What the task asks: Make a verbatim transcription of the records, without the pictures.

====== Available records

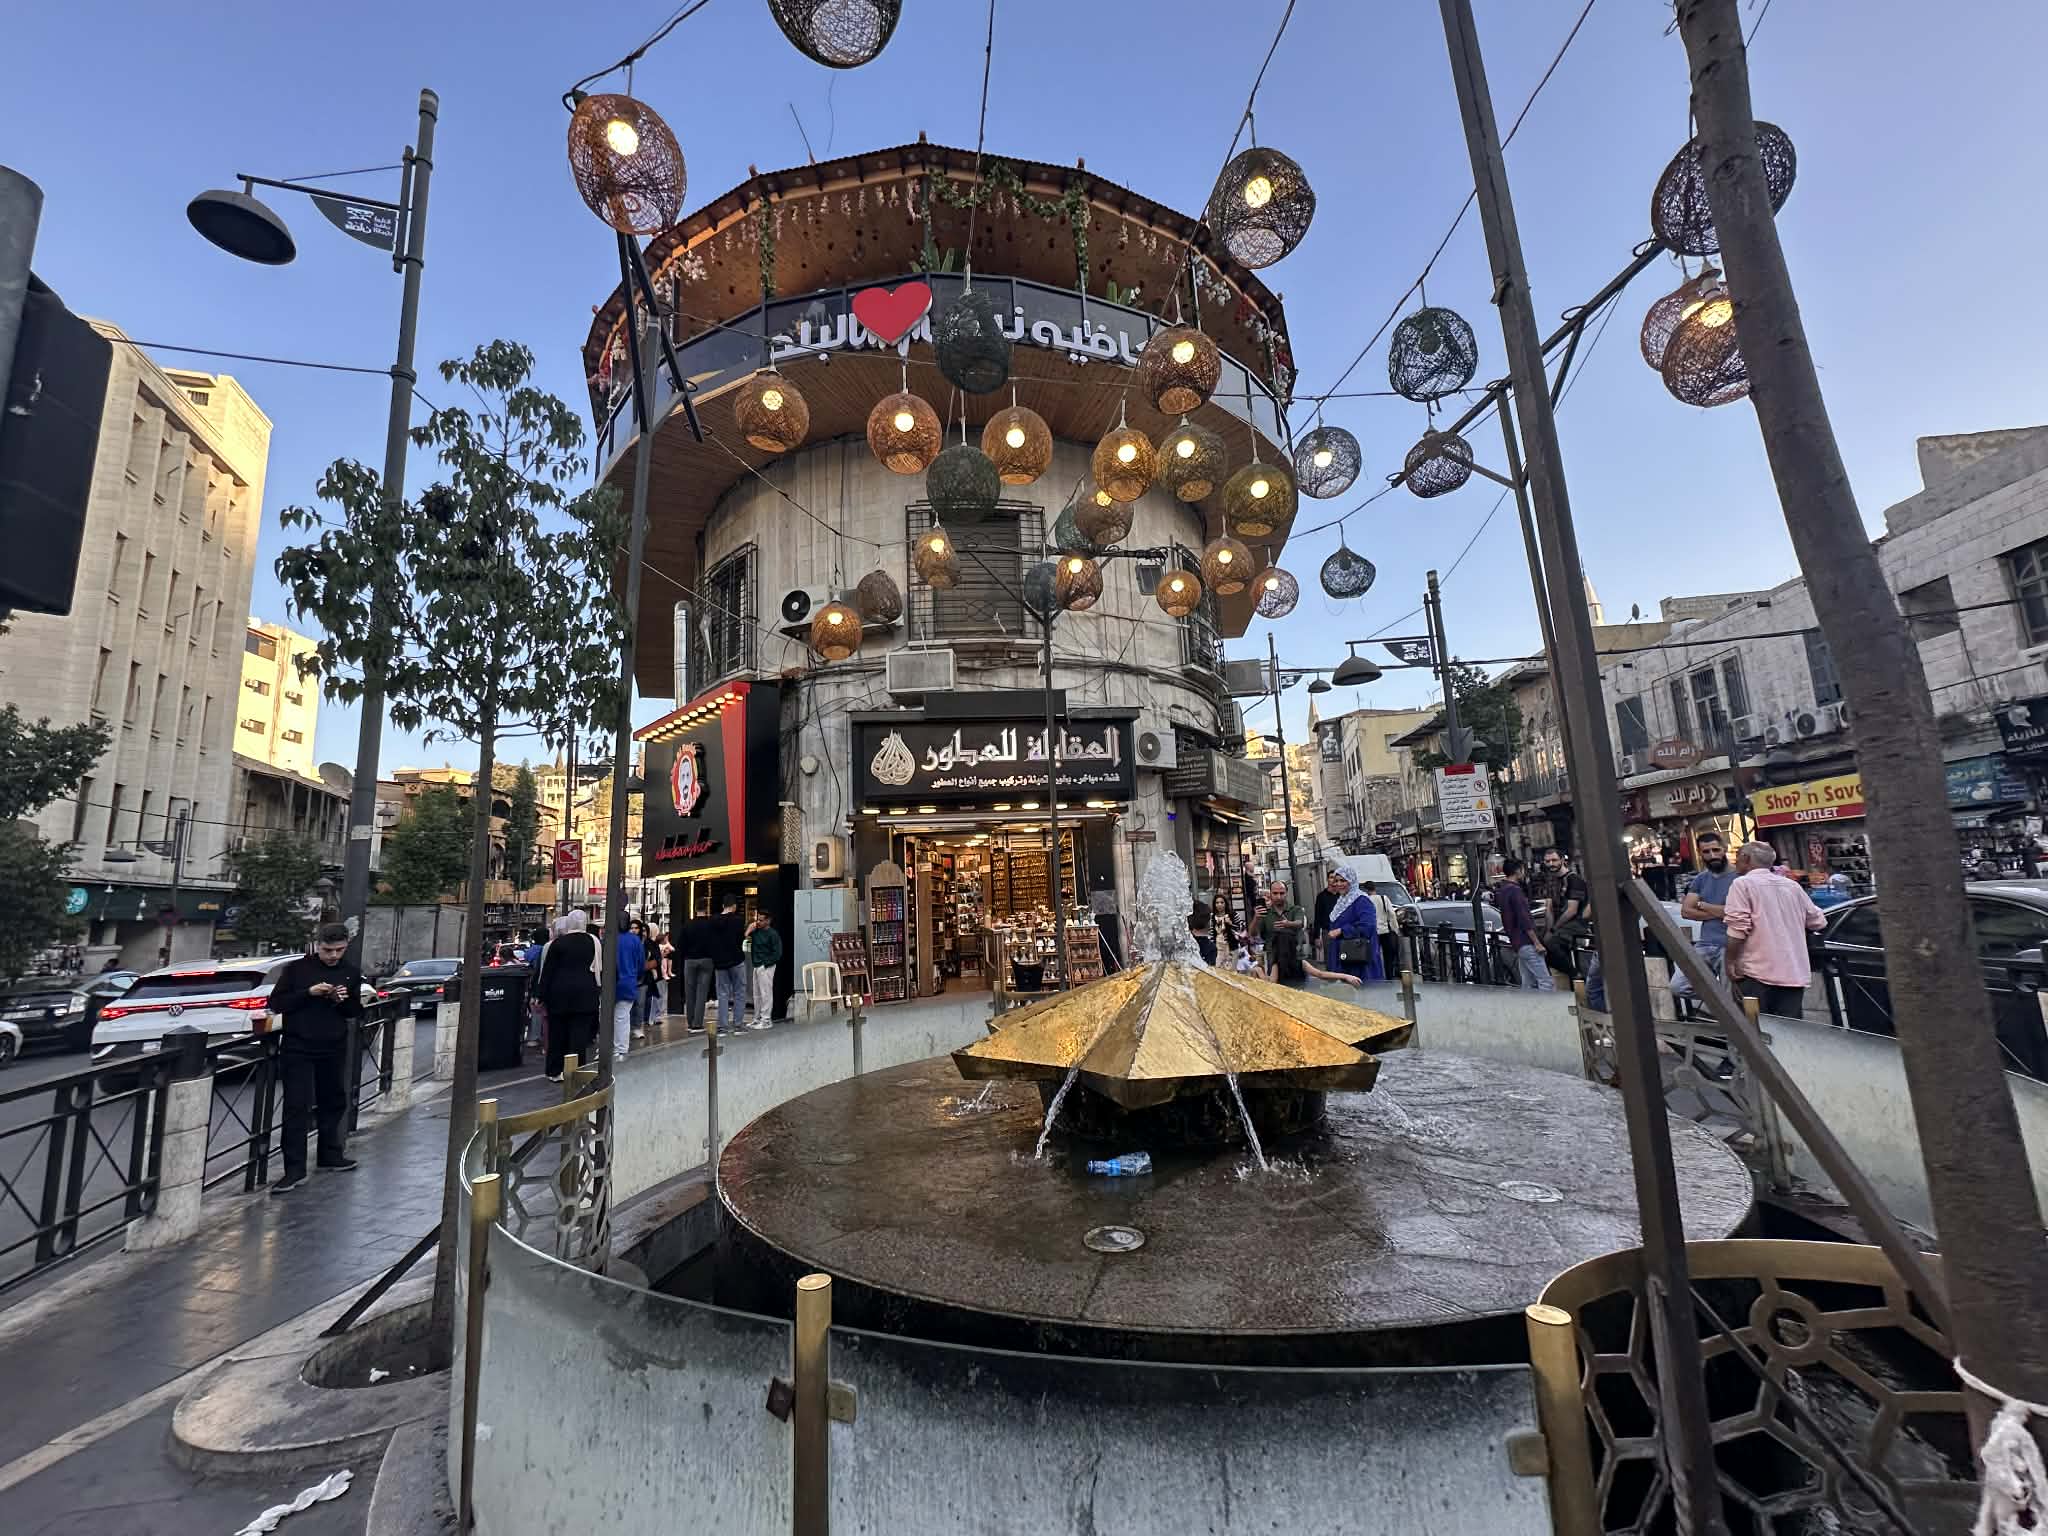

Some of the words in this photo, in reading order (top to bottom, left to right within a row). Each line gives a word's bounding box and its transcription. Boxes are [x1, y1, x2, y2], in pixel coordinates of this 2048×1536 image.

[921, 727, 1018, 771] للعطور
[1024, 725, 1122, 767] العقابلة
[1656, 746, 1676, 757] الله
[1679, 745, 1696, 757] رام
[930, 777, 957, 789] العطور
[1663, 786, 1686, 805] الله
[1688, 784, 1706, 805] رام
[1807, 792, 1819, 805] n
[1794, 807, 1839, 821] OUTLET

============

Exercise answer:
Some of the words in this photo, in reading order (top to bottom, left to right within a row). Each line gives a word's bounding box and its transcription. Boxes are [x1, y1, x2, y2], in pixel coordinates of this 2048×1536 image.

[921, 727, 1018, 771] للعطور
[1024, 725, 1122, 767] العقابلة
[1656, 746, 1676, 757] الله
[1679, 745, 1696, 757] رام
[930, 777, 957, 789] العطور
[1663, 786, 1686, 805] الله
[1688, 784, 1706, 805] رام
[1807, 792, 1819, 805] n
[1794, 807, 1839, 821] OUTLET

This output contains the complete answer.